Patchwork Learning: A Paradigm Towards Integrative Analysis across Diverse Biomedical Data Sources

Machine learning (ML) in healthcare presents numerous opportunities for enhancing patient care, population health, and healthcare providers' workflows. However, the real-world clinical and cost benefits remain limited due to challenges in data privacy, heterogeneous data sources, and the inability to fully leverage multiple data modalities. In this perspective paper, we introduce "patchwork learning" (PL), a novel paradigm that addresses these limitations by integrating information from disparate datasets composed of different data modalities (e.g., clinical free-text, medical images, omics) and distributed across separate and secure sites. PL allows the simultaneous utilization of complementary data sources while preserving data privacy, enabling the development of more holistic and generalizable ML models. We present the concept of patchwork learning and its current implementations in healthcare, exploring the potential opportunities and applicable data sources for addressing various healthcare challenges. PL leverages bridging modalities or overlapping feature spaces across sites to facilitate information sharing and impute missing data, thereby addressing related prediction tasks. We discuss the challenges associated with PL, many of which are shared by federated and multimodal learning, and provide recommendations for future research in this field. By offering a more comprehensive approach to healthcare data integration, patchwork learning has the potential to revolutionize the clinical applicability of ML models. This paradigm promises to strike a balance between personalization and generalizability, ultimately enhancing patient experiences, improving population health, and optimizing healthcare providers' workflows.

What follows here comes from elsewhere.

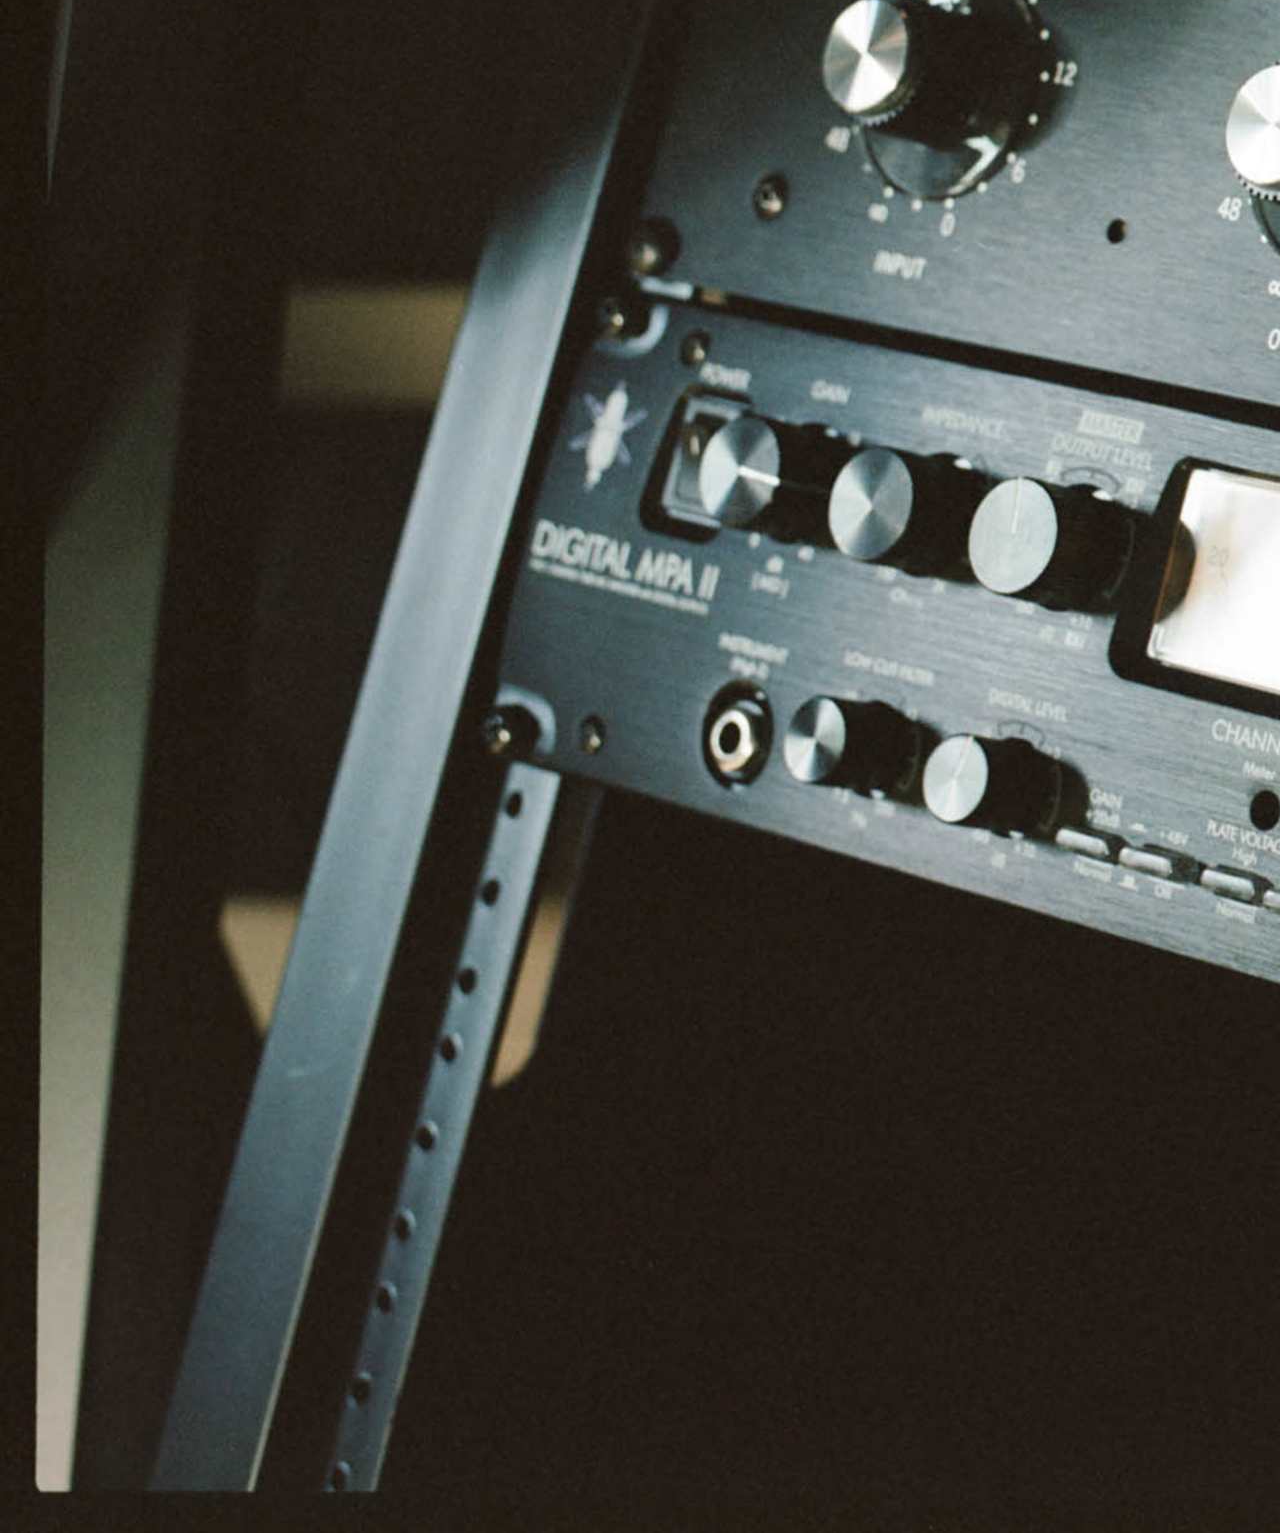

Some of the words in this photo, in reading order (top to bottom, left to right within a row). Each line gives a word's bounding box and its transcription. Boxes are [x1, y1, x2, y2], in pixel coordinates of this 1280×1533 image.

翻译：机器学习在医疗健康领域为改善患者护理、群体健康及医疗工作流程提供了众多机遇。然而，由于数据隐私问题、数据源异构性以及无法充分利用多模态数据的限制，其在真实世界中的临床和成本效益仍十分有限。在本观点性论文中，我们提出了一种名为"补丁学习"（PL）的新范式，通过整合来自不同数据模态（如临床自由文本、医学影像、组学数据）且分布于独立安全站点的异构数据集，来解决上述局限性。PL能够在保护数据隐私的同时，同步利用互补性数据源，从而开发更全面且更具泛化能力的机器学习模型。我们阐释了补丁学习的概念及其在医疗健康领域的当前实现，探讨了应对各类医疗挑战的潜在机遇与适用数据源。PL通过跨站点的桥接模态或重叠特征空间促进信息共享与缺失数据填补，从而解决关联预测任务。我们讨论了PL面临的挑战（其中许多挑战与联邦学习和多模态学习共有），并提出了该领域未来的研究方向。通过提供更全面的医疗数据整合方法，补丁学习有望革新机器学习模型的临床适用性。该范式承诺在个性化与泛化能力之间取得平衡，最终改善患者体验、提升群体健康水平并优化医疗工作流程。